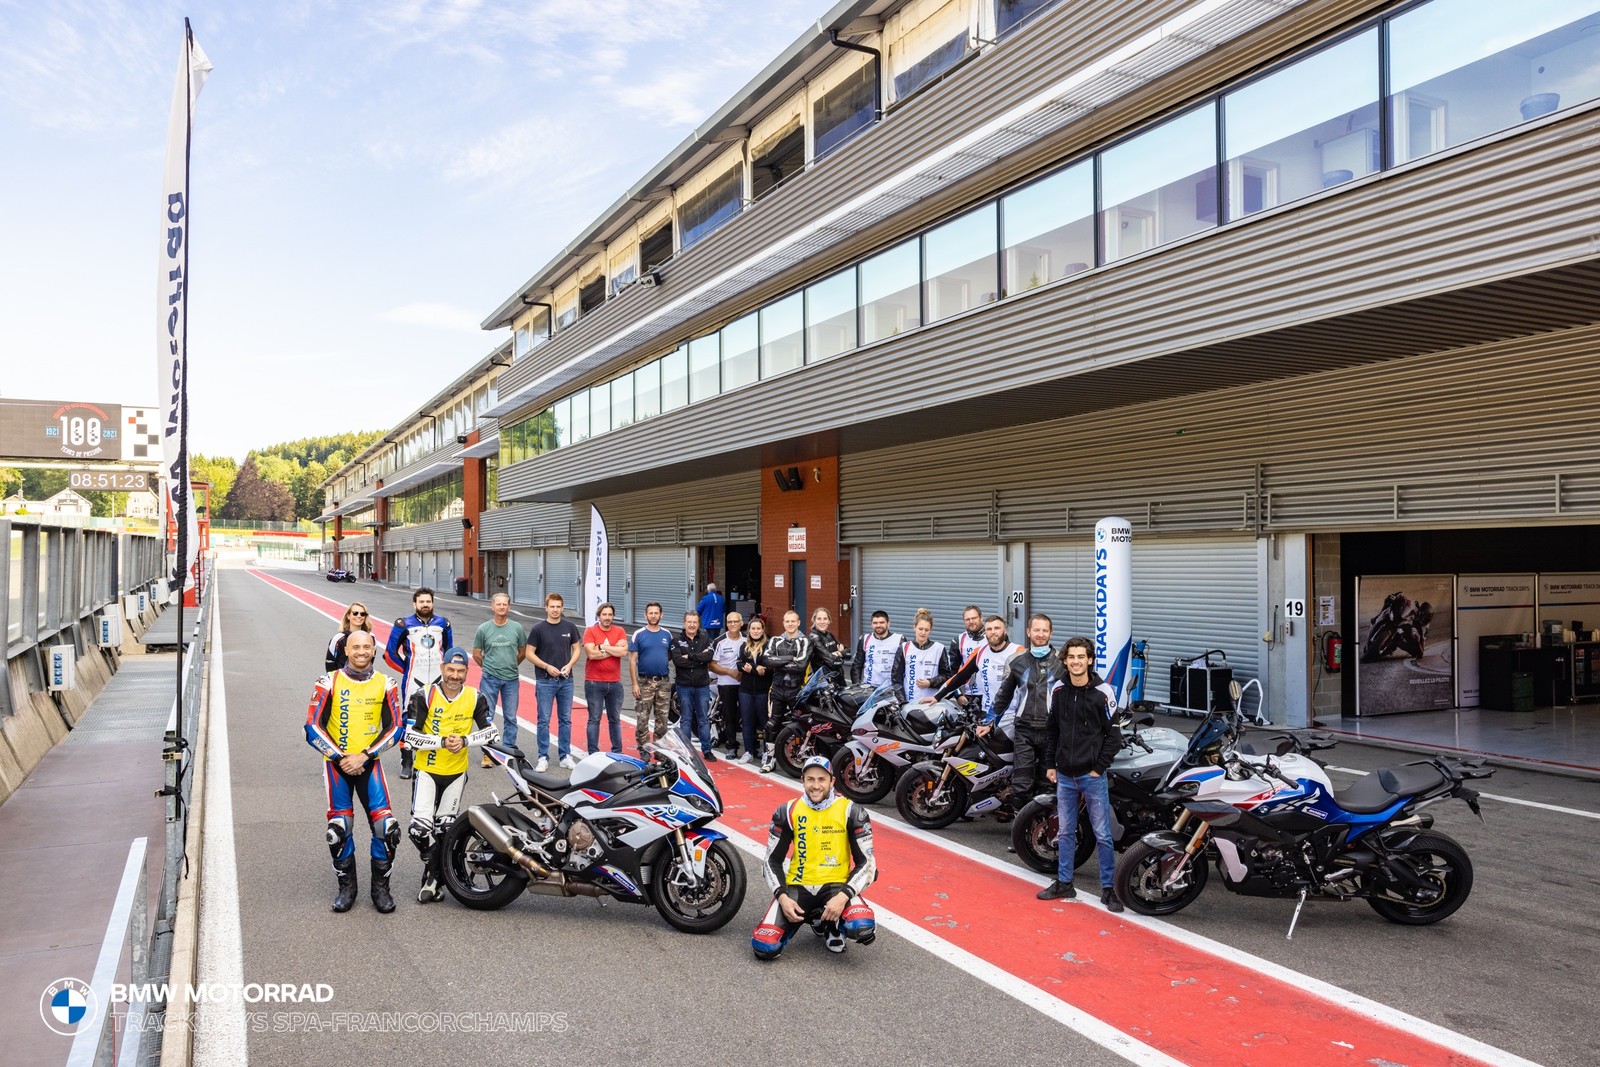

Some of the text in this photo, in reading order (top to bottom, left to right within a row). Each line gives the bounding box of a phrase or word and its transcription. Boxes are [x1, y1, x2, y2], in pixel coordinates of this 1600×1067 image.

[45, 427, 59, 436] 1921
[60, 416, 101, 446] 100
[70, 473, 145, 488] 08:51:23
[1111, 527, 1131, 535] BMW
[850, 586, 857, 595] 21
[1013, 592, 1023, 604] 20
[1096, 548, 1108, 672] TRACKDAYS
[1286, 601, 1304, 616] 19
[908, 654, 917, 701] TRACKDAYS
[982, 658, 990, 709] TRACKDAYS
[338, 689, 350, 751] RACKDAYS

====

#### [Action item]
Write out each entry again exactly, and skip the pictures.

#### [Task solution]
Some of the text in this photo, in reading order (top to bottom, left to right within a row). Each line gives the bounding box of a phrase or word and its transcription. Boxes are [x1, y1, x2, y2], in pixel coordinates of this 1600×1067 image.

[45, 427, 59, 436] 1921
[60, 416, 101, 446] 100
[70, 473, 145, 488] 08:51:23
[1111, 527, 1131, 535] BMW
[850, 586, 857, 595] 21
[1013, 592, 1023, 604] 20
[1096, 548, 1108, 672] TRACKDAYS
[1286, 601, 1304, 616] 19
[908, 654, 917, 701] TRACKDAYS
[982, 658, 990, 709] TRACKDAYS
[338, 689, 350, 751] RACKDAYS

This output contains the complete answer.